Benjamin Olewine, IV
Bayard D. Rea
Scott W. Reed
William D. Ross
Leah G. Schad
Robert F. Schumann
Robert H. Socolow
Alan N. Weeden
John C. Whitaker
Joyce A. Wolf
Publications (from Adler, p. 188)
American Birds (bimonthly magazine)
Audubon (bimonthly magazine)
Audubon Activist (monthly newspaper)
Audubon Science Quarterly
Audubon Energy Plan
Biodiversity Treaties: International Cooperation
Clean Air Action Packet
Keep Tropical Forests Alive
Audubon TV News Bulletin (periodically)
Birdathon Bulletin (periodically)
Egret Express (quarterly)
Western Hemisphere Shorebird Reserve Network (quarterly)
(1) Policy on current APA classification of Whitney, Watson's East (Lassiter), Lake Lila and Alice Brook parcels
William Cooke of the National Audubon Society was quoted in the Sunday Gazette that there were already extensive snowmobile trails in the Adirondacks.

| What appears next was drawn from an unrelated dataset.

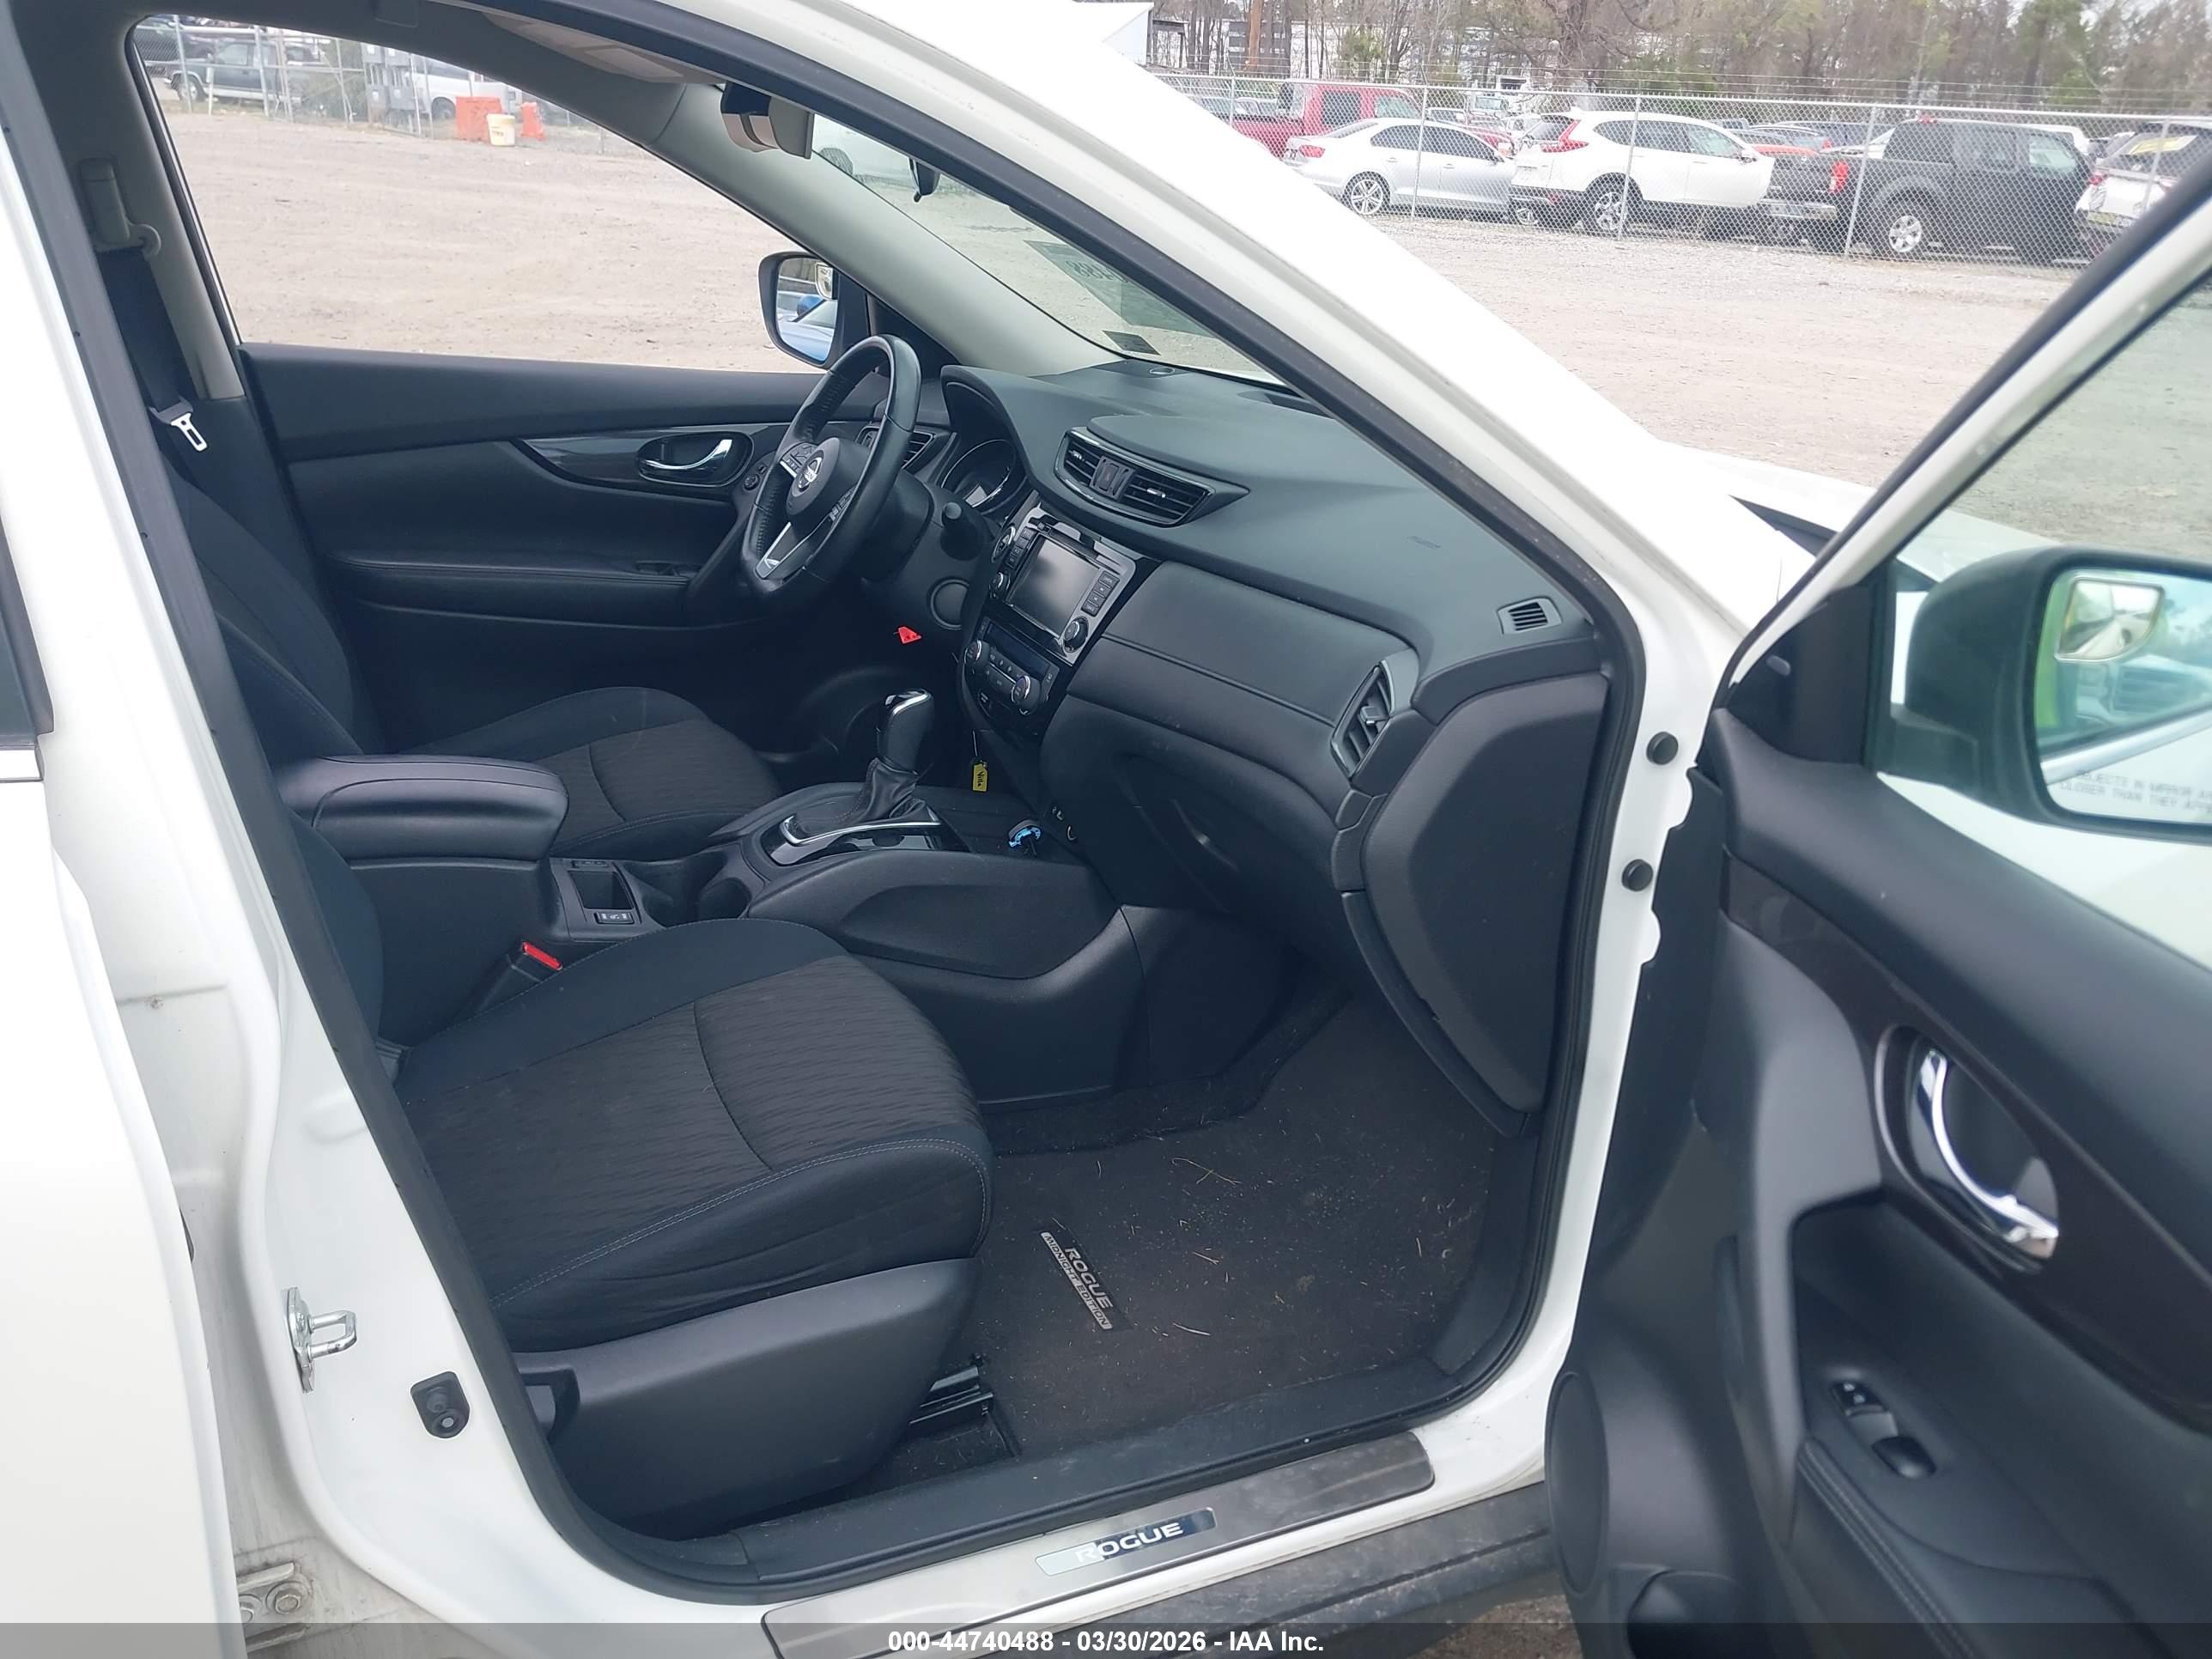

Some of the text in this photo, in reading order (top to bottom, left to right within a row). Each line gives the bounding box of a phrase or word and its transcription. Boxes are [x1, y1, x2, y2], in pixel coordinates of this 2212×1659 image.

[1044, 1236, 1109, 1326] MIDNIGHT EDITION
[1064, 1247, 1114, 1310] ROGUE
[1075, 1522, 1184, 1563] ROGUE

Referring to the 1996 bond act's passage, he said, "I don't believe those people voted so there could be four-wheelers all over the place." Graham Cox, now forester and wetland program coordinator for the National Audubon Society in New York State, argued that all four parcels are important pieces of the larger Bob Marshall Wilderness that they would like to see established. Any classification other than wilderness will shoot a "shotgun sized hole" in the effort, he warned, according to the Gazette.
(2) Past key leadership
Peter A. A. Berle, the Assemblyman from the silk stocking district in Manhattan who did much of the fighting at the time that was necessary to pass the final parts of the APA law in the Assembly against Glenn Harris, who represented the Adirondacks at the time, became the president of the National Audubon Society. In the early 1990's he spearheaded legislation (which failed) to tighten the APA law, after being the chairman of the Cuomo Commission of the Adirondacks in the 21st Century.
The Audubon Society's chief Adirondack lobbyist, Dick Beamish, did most of his public campaigning through scathing letters to the editor to local newspapers, and calling for more land-use restrictions.
Eric Siy was the Adirondack Campaign Coordinator also rankling Adirondackers at the time.
(3) Past relationships with the Adirondack Council
In 1991, the Audubon Society formally withdrew from the Adirondack
Council. The Council was trying to seem more moderate after it
suffered membership and financial losses because of its shrill
attacks on Adirondack groups and local governments after May 1990.
Beamish, who worked for the Adirondack Council, quit or was fired
and went to work for the Audubon Society, along with Eric Siy,
another former Adirondack Council staffer.